**THE TASK**
Reproduce the entries that follow exactly, dropping each image.

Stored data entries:
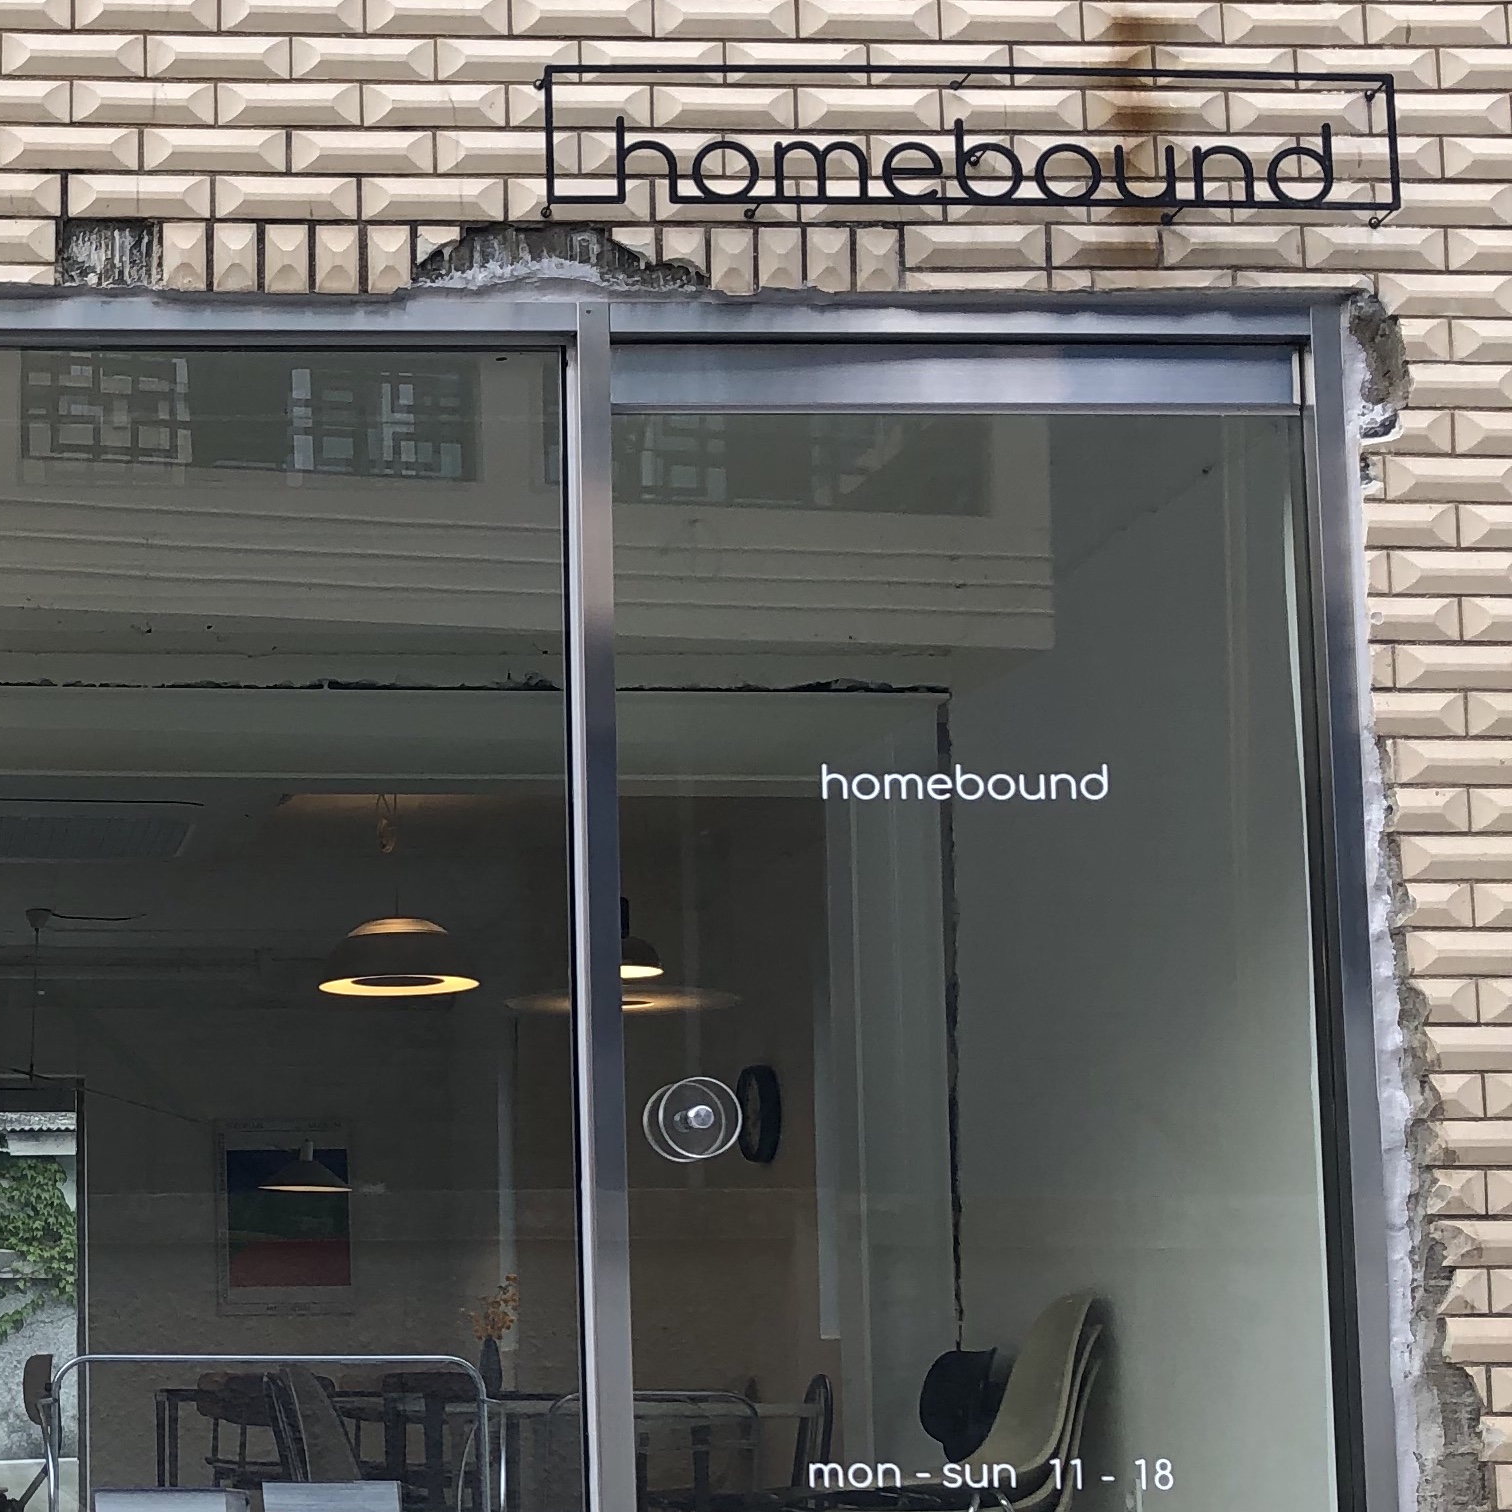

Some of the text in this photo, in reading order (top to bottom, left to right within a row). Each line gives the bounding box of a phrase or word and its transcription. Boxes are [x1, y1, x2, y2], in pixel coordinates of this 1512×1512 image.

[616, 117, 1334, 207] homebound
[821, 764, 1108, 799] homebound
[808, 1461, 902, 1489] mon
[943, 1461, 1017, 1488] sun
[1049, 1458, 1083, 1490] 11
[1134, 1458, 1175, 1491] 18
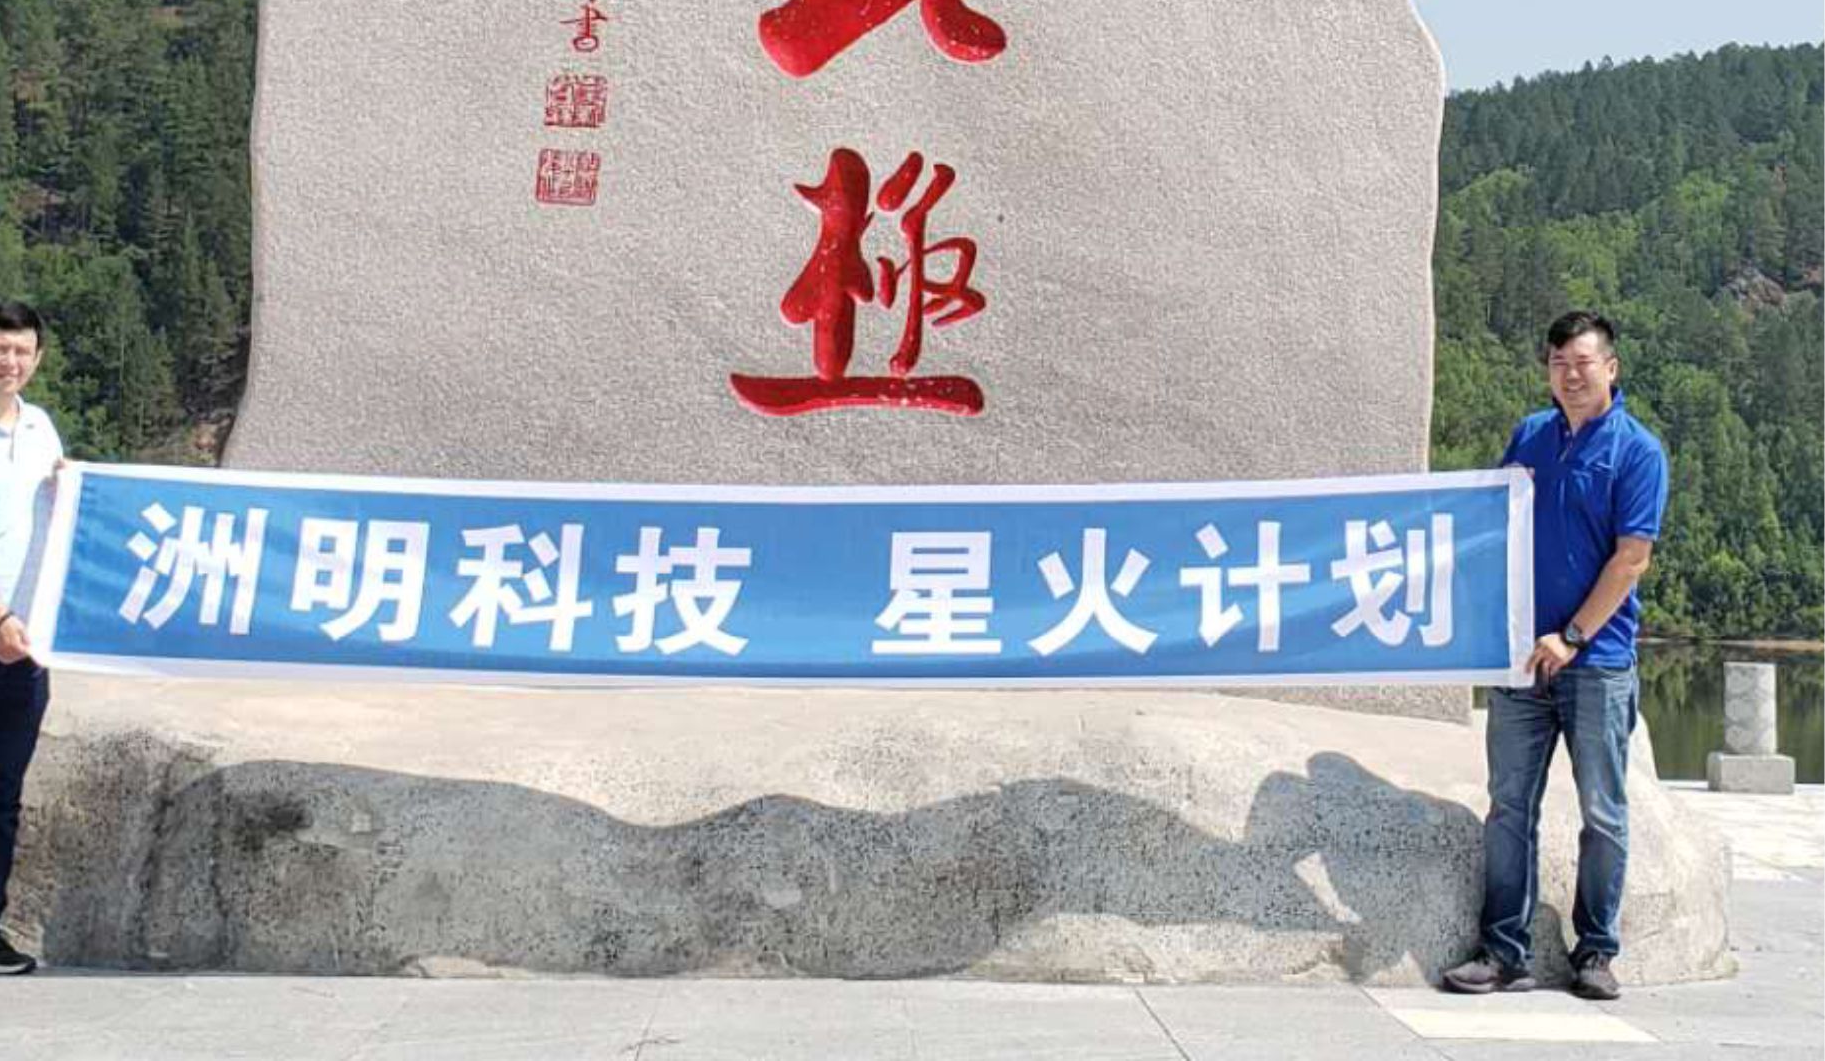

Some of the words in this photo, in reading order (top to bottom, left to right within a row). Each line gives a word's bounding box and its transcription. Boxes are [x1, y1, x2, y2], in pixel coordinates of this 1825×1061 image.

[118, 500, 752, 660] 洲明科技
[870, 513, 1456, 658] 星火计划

**WRITTEN ANSWER**
Some of the text in this photo, in reading order (top to bottom, left to right within a row). Each line gives the bounding box of a phrase or word and its transcription. Boxes are [x1, y1, x2, y2], in pixel coordinates of this 1512×1512 image.

[616, 117, 1334, 207] homebound
[821, 764, 1108, 799] homebound
[808, 1461, 902, 1489] mon
[943, 1461, 1017, 1488] sun
[1049, 1458, 1083, 1490] 11
[1134, 1458, 1175, 1491] 18

Some of the words in this photo, in reading order (top to bottom, left to right within a row). Each line gives a word's bounding box and its transcription. Boxes are [x1, y1, x2, y2], in pixel coordinates of this 1825×1061 image.

[118, 500, 752, 660] 洲明科技
[870, 513, 1456, 658] 星火计划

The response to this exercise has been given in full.